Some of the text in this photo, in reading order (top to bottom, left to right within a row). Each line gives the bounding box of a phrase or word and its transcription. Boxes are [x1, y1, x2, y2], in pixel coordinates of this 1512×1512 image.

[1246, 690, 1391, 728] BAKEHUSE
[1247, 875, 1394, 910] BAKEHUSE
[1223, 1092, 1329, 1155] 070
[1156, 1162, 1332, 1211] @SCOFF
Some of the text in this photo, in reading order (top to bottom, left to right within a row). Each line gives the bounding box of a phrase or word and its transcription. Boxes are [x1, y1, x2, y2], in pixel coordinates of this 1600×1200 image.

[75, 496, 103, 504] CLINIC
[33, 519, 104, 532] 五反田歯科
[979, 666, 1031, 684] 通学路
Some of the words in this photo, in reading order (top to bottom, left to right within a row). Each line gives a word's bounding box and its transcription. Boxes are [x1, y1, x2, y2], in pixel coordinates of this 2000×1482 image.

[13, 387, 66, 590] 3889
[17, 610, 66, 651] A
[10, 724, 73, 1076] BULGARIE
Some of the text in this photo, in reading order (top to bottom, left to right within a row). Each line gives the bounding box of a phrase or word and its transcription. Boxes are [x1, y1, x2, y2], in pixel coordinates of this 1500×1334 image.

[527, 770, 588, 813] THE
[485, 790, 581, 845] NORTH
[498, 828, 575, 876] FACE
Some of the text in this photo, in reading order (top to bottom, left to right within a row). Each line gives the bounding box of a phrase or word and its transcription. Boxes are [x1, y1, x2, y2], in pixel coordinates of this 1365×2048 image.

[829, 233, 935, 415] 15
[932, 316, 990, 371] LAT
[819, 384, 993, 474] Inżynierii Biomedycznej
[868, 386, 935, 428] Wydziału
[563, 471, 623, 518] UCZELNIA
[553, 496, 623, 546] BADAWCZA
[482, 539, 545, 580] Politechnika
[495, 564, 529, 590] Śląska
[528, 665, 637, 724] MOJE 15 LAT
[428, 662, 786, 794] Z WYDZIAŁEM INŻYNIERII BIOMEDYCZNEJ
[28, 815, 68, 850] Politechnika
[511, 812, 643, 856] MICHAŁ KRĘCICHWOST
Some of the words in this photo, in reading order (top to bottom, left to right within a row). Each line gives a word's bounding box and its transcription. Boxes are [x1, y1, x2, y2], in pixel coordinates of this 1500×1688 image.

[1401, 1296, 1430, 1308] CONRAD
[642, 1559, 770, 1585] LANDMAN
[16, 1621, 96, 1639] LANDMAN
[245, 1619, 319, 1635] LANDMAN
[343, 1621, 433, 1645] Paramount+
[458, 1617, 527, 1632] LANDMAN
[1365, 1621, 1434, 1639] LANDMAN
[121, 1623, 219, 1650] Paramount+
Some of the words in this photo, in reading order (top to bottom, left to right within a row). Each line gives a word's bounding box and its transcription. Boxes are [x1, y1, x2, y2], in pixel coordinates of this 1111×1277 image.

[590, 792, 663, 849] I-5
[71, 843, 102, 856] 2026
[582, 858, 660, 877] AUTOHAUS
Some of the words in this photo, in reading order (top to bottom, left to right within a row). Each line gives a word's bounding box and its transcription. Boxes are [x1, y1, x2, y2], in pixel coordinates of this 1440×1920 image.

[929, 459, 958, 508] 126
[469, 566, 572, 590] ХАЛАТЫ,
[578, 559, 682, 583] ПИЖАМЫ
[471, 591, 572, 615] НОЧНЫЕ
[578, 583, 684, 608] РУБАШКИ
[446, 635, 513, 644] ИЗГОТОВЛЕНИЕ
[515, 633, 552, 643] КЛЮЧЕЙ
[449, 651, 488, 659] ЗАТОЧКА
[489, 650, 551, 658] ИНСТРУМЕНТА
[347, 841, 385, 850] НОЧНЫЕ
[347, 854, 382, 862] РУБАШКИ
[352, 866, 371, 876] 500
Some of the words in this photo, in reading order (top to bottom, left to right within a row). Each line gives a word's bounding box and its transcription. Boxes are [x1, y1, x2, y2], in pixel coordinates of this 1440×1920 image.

■ WHAT TO PRODUCE ■
Please copy out the records exactly as they appear.

■ FINISHED EXERCISE ■
Some of the text in this photo, in reading order (top to bottom, left to right within a row). Each line gives the bounding box of a phrase or word and its transcription. Boxes are [x1, y1, x2, y2], in pixel coordinates of this 1512×1512 image.

[1246, 690, 1391, 728] BAKEHUSE
[1247, 875, 1394, 910] BAKEHUSE
[1223, 1092, 1329, 1155] 070
[1156, 1162, 1332, 1211] @SCOFF
Some of the text in this photo, in reading order (top to bottom, left to right within a row). Each line gives the bounding box of a phrase or word and its transcription. Boxes are [x1, y1, x2, y2], in pixel coordinates of this 1600×1200 image.

[75, 496, 103, 504] CLINIC
[33, 519, 104, 532] 五反田歯科
[979, 666, 1031, 684] 通学路
Some of the words in this photo, in reading order (top to bottom, left to right within a row). Each line gives a word's bounding box and its transcription. Boxes are [x1, y1, x2, y2], in pixel coordinates of this 2000×1482 image.

[13, 387, 66, 590] 3889
[17, 610, 66, 651] A
[10, 724, 73, 1076] BULGARIE
Some of the text in this photo, in reading order (top to bottom, left to right within a row). Each line gives the bounding box of a phrase or word and its transcription. Boxes are [x1, y1, x2, y2], in pixel coordinates of this 1500×1334 image.

[527, 770, 588, 813] THE
[485, 790, 581, 845] NORTH
[498, 828, 575, 876] FACE
Some of the text in this photo, in reading order (top to bottom, left to right within a row). Each line gives the bounding box of a phrase or word and its transcription. Boxes are [x1, y1, x2, y2], in pixel coordinates of this 1365×2048 image.

[829, 233, 935, 415] 15
[932, 316, 990, 371] LAT
[819, 384, 993, 474] Inżynierii Biomedycznej
[868, 386, 935, 428] Wydziału
[563, 471, 623, 518] UCZELNIA
[553, 496, 623, 546] BADAWCZA
[482, 539, 545, 580] Politechnika
[495, 564, 529, 590] Śląska
[528, 665, 637, 724] MOJE 15 LAT
[428, 662, 786, 794] Z WYDZIAŁEM INŻYNIERII BIOMEDYCZNEJ
[28, 815, 68, 850] Politechnika
[511, 812, 643, 856] MICHAŁ KRĘCICHWOST
Some of the words in this photo, in reading order (top to bottom, left to right within a row). Each line gives a word's bounding box and its transcription. Boxes are [x1, y1, x2, y2], in pixel coordinates of this 1500×1688 image.

[1401, 1296, 1430, 1308] CONRAD
[642, 1559, 770, 1585] LANDMAN
[16, 1621, 96, 1639] LANDMAN
[245, 1619, 319, 1635] LANDMAN
[343, 1621, 433, 1645] Paramount+
[458, 1617, 527, 1632] LANDMAN
[1365, 1621, 1434, 1639] LANDMAN
[121, 1623, 219, 1650] Paramount+
Some of the words in this photo, in reading order (top to bottom, left to right within a row). Each line gives a word's bounding box and its transcription. Boxes are [x1, y1, x2, y2], in pixel coordinates of this 1111×1277 image.

[590, 792, 663, 849] I-5
[71, 843, 102, 856] 2026
[582, 858, 660, 877] AUTOHAUS
Some of the words in this photo, in reading order (top to bottom, left to right within a row). Each line gives a word's bounding box and its transcription. Boxes are [x1, y1, x2, y2], in pixel coordinates of this 1440×1920 image.

[929, 459, 958, 508] 126
[469, 566, 572, 590] ХАЛАТЫ,
[578, 559, 682, 583] ПИЖАМЫ
[471, 591, 572, 615] НОЧНЫЕ
[578, 583, 684, 608] РУБАШКИ
[446, 635, 513, 644] ИЗГОТОВЛЕНИЕ
[515, 633, 552, 643] КЛЮЧЕЙ
[449, 651, 488, 659] ЗАТОЧКА
[489, 650, 551, 658] ИНСТРУМЕНТА
[347, 841, 385, 850] НОЧНЫЕ
[347, 854, 382, 862] РУБАШКИ
[352, 866, 371, 876] 500
Some of the words in this photo, in reading order (top to bottom, left to right within a row). Each line gives a word's bounding box and its transcription. Boxes are [x1, y1, x2, y2], in pixel coordinates of this 1440×1920 image.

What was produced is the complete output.